The importance of these scores can't really be overestimated. Ninety percent of banks use credit scores when they determine finance charges such as interest rates on mortgages and other loans. But it doesn't stop there -- potential employers, insurance companies, landlords, and a host of others use these scores as well.

A lot of scores contain errors. Studies that attempt to estimate how many report numbers from 3% of scores to 25%. Even an industry-sponsored study found potential errors in 19.2% of reports (although it claimed that less than 1% of them had disputes that would result in a meaningful increase in scores if settled).

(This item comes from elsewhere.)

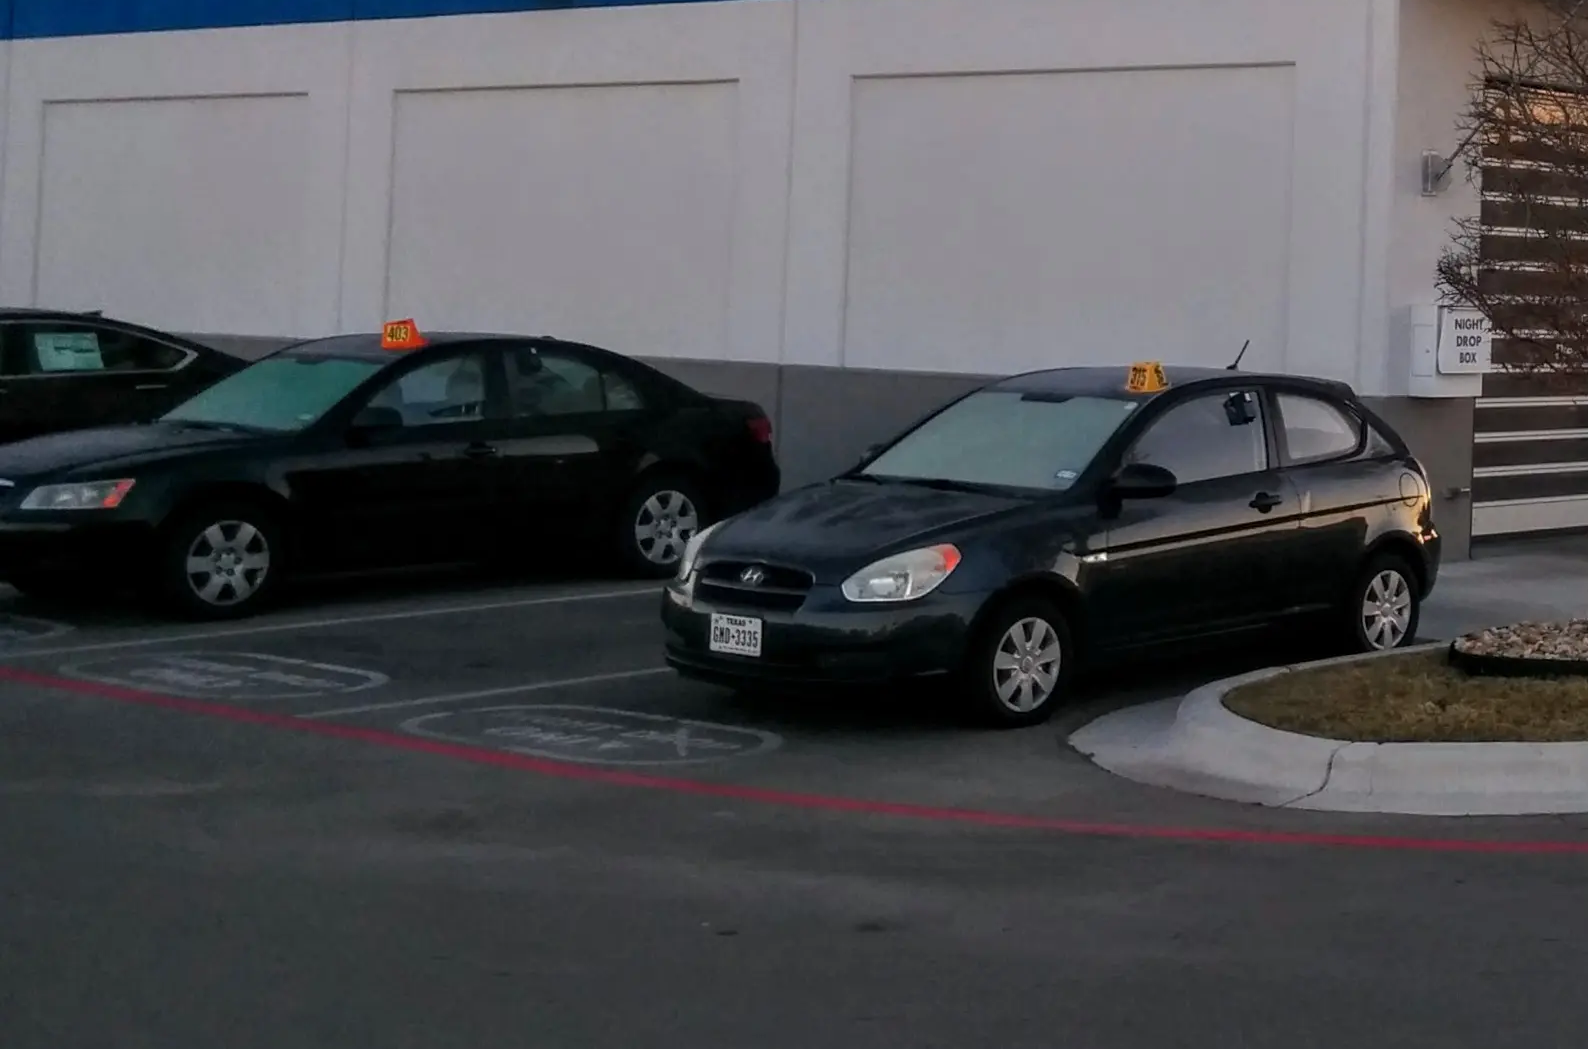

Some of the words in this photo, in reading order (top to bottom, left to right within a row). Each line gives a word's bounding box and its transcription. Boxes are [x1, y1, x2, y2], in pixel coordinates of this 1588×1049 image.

As the New York Times reports, these are significant numbers. "Even 1 percent translates into millions of consumers, since there are at least 200 million files at each of the bureaus," it says.

And trying to correct these errors isn't easy. Unless you're rich or powerful, of course. The Times recently reported that the three major agencies, Equifax, Experian, and TransUnion, have a "V.I.P." list of "celebrities, politicians, judges and other influential people" who get special help from United States-based workers in fixing mistakes on their reports. The rest of us riff raff get thrown into an automated system in which our complaints are usually sent overseas, "where a worker spends, on average, about two minutes figuring out the gist of the matter," the Times says. Little is usually done in response to the complaints.

Meanwhile, the very methodologies used to calculate these scores are a close-held industry secret. As John F. Wasik of Reuters puts it, "You have better chance of reading classified U.S. State Department cables on WikiLeaks" than finding out how they create credit reports. Scores are usually determined by how much credit you use, whether you pay on time, and whether you use credit cards, but "only a handful of employees at the Minneapolis-based Fair Isaac Corp. [FICO] know and won't tell you -- or government regulators," Wasik says.

And beyond all of this, the private companies that collect the data used to create scores are poorly regulated, in large part because the Federal Trade Commission, which is supposed to oversee them, lacks broad authority. All that might change once the CFPB is up and functional. A little sunshine on this industry could go a long way.